A par da oração, o dia é igualmente dedicado à limpeza da cidade, especialmente por onde vai passar a procissão desta sexta-feira à noite, outro dos momentos altos desta Semana Santa. Ao logo de quilómetros, na beira das estradas, estão já construídas as estruturas de bambu onde serão colocadas milhares de velas que vão iluminar o cortejo, muitas delas feitas ainda de favos de mel silvestre, como nos séculos passados.
Na quinta-feira começaram alguns dos momentos de maior devoção. Foi o dia de cumprir “promessa” como ainda hoje se diz na ilha. São horas impressionantes de fé. Depois da missa das 20h na Catedral “Reinha Rosari”, no bairro “Postoh” – fundado pelos portugueses em 1613 –, os cristãos marcham rumo à Capela da Senhora Mãe (“Gereja”, do original português igreja, “Tuan Ma”, consagrada a nossa senhora “Mater Dolorosa”) e à Capela do Menino Jesus (“Kapela Santo Meninu”).
Milhares de peregrinos juntam-se em filas de espera silenciosas para entrar nas igrejas. Ouvem-se orações permanentes rezadas em indonésio, mas mescladas com dezenas de palavras portuguesas. Antes de entrarem nas igrejas, os crentes descalçam-se. Assim que vencem as portas dos templos ajoelham-se e, muito lentamente, dirigem-se aos altares para uma pequena prece.
Filas toda a noite
Na Capela da Senhora Mãe veneram a imagem imponente de uma santa de manto negro que os locais acreditam ter cerca de 500 anos e ser de origem portuguesa. Na “Kapela Santo Meninu” adoram o caixão que nesta manhã encabeçou a procissão marítima.
Nos templos, dezenas de mulheres queimam centenas de velas e incenso sem parar ao longo de toda a noite e madrugada. No ar, um manto de fumo intenso cobre todo o espaço de igreja. As orações, cantadas também por dezenas de mulheres igualmente vestidas de negro e que se vão revezando nas preces sentadas em bancos rasteiros, nunca param.

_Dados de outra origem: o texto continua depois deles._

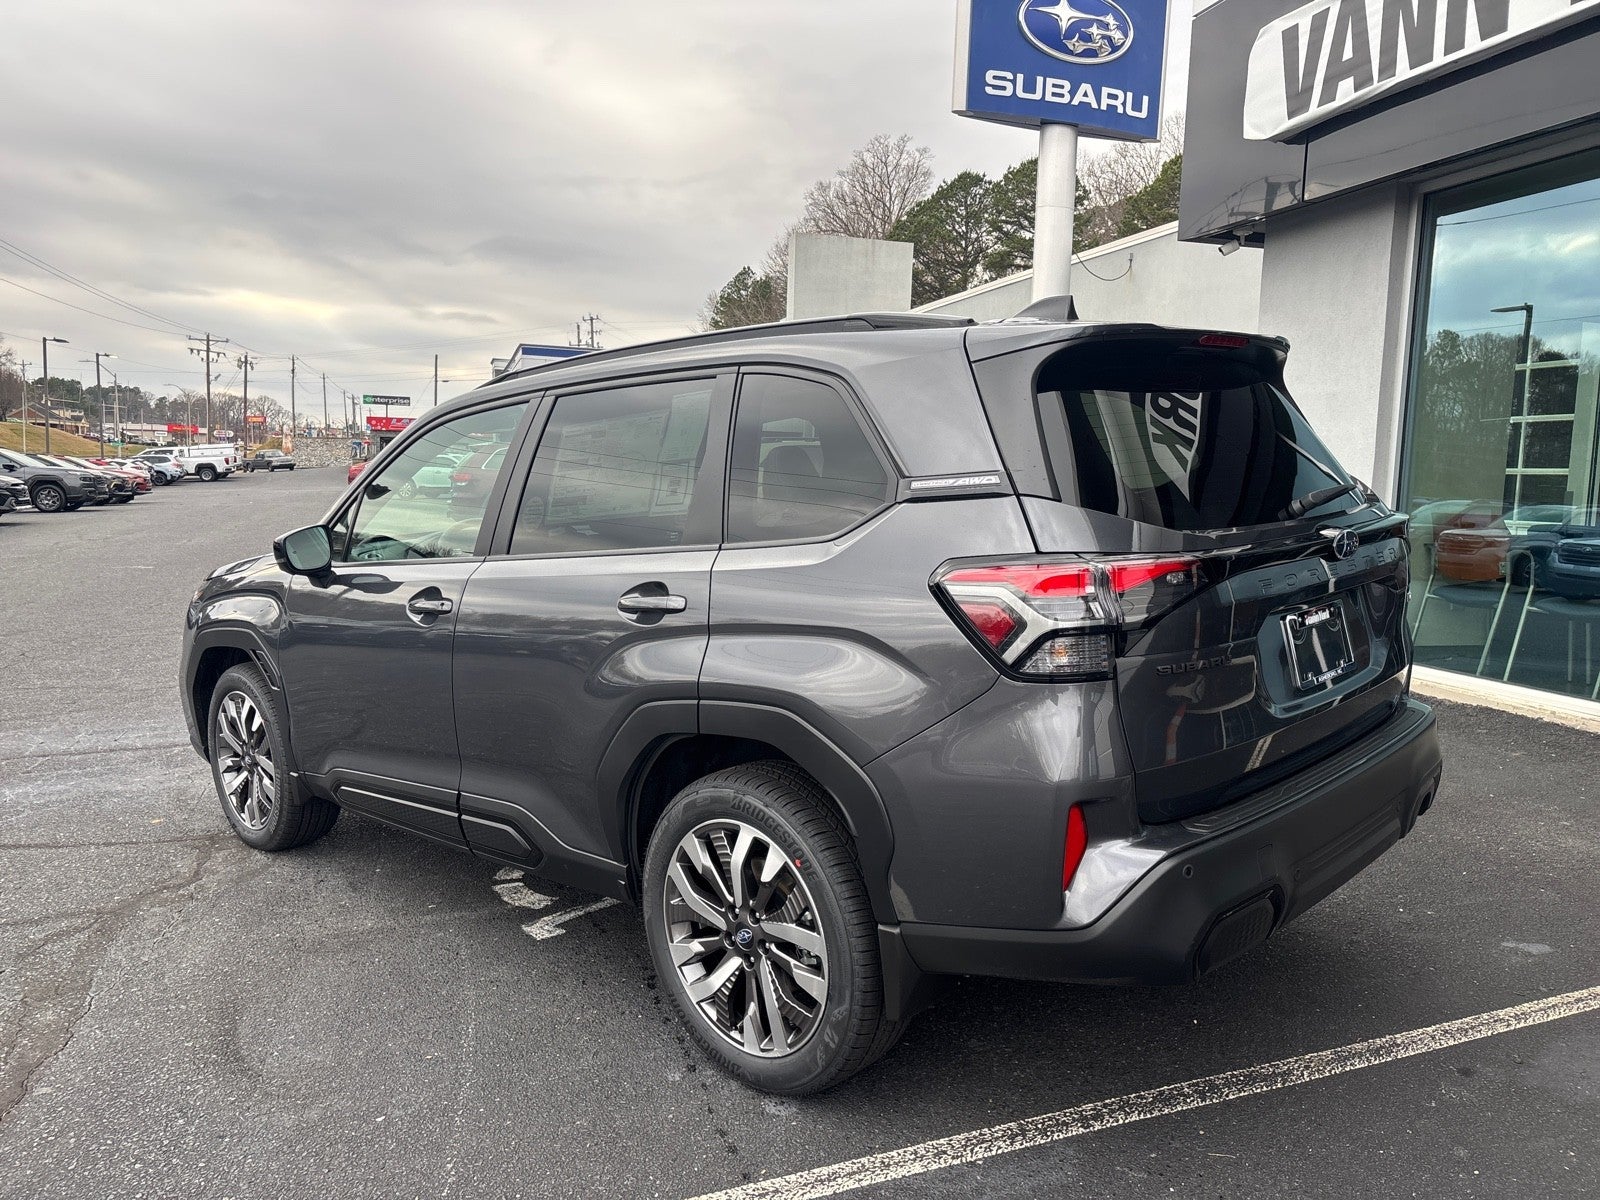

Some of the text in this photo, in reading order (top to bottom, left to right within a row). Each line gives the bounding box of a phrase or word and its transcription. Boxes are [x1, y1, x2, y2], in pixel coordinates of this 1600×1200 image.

[984, 69, 1149, 119] SUBARU
[366, 396, 410, 404] enterprise
[1257, 547, 1397, 596] FORESTER
[1156, 656, 1233, 676] SUBARU
[730, 797, 819, 881] BRIDGESTONE

As filas para entrar nos templos duram toda a noite. São coordenadas pelos membros dos chamados comités organizadores que, com notório profissionalismo, dirigem os milhares de peregrinos. São eles o garante de que os movimentos de entrada e saída nos espaços de fé são constantes. Sempre num movimento lento, em silêncio, ou apenas acompanhados de preces sussurradas.
Há gente de todas as idades nas filas. Os mais velhos ostentam as suas melhores roupas. As senhoras de cabelos arranjados e trajes finos; eles de fatos de gala ou camisas coloridas de tecido batik, dos ministérios indonésios onde trabalham.
Já os jovens trazem camisolas do Barcelona ou do Real Madrid, de selecções de vários países, incluindo a portuguesa. Nas costas das camisas lusas surge invariavelmente o nome de Ronaldo. O nome do goleador português é gritado sempre que percebem que o seu interlocutor é português.
Elas usam calças e blusas apertadas, num contraste gritantes com os trajes austeros das muitas noviças com quem se cruzam nas filas.
Há gente que segue de lágrimas nos olhos, mas, na maioria, é notória a satisfação e o orgulho de participar nesta manifestação de fé que, garantem, é “única no mundo” e realizada “como os portugueses faziam há 400 anos”.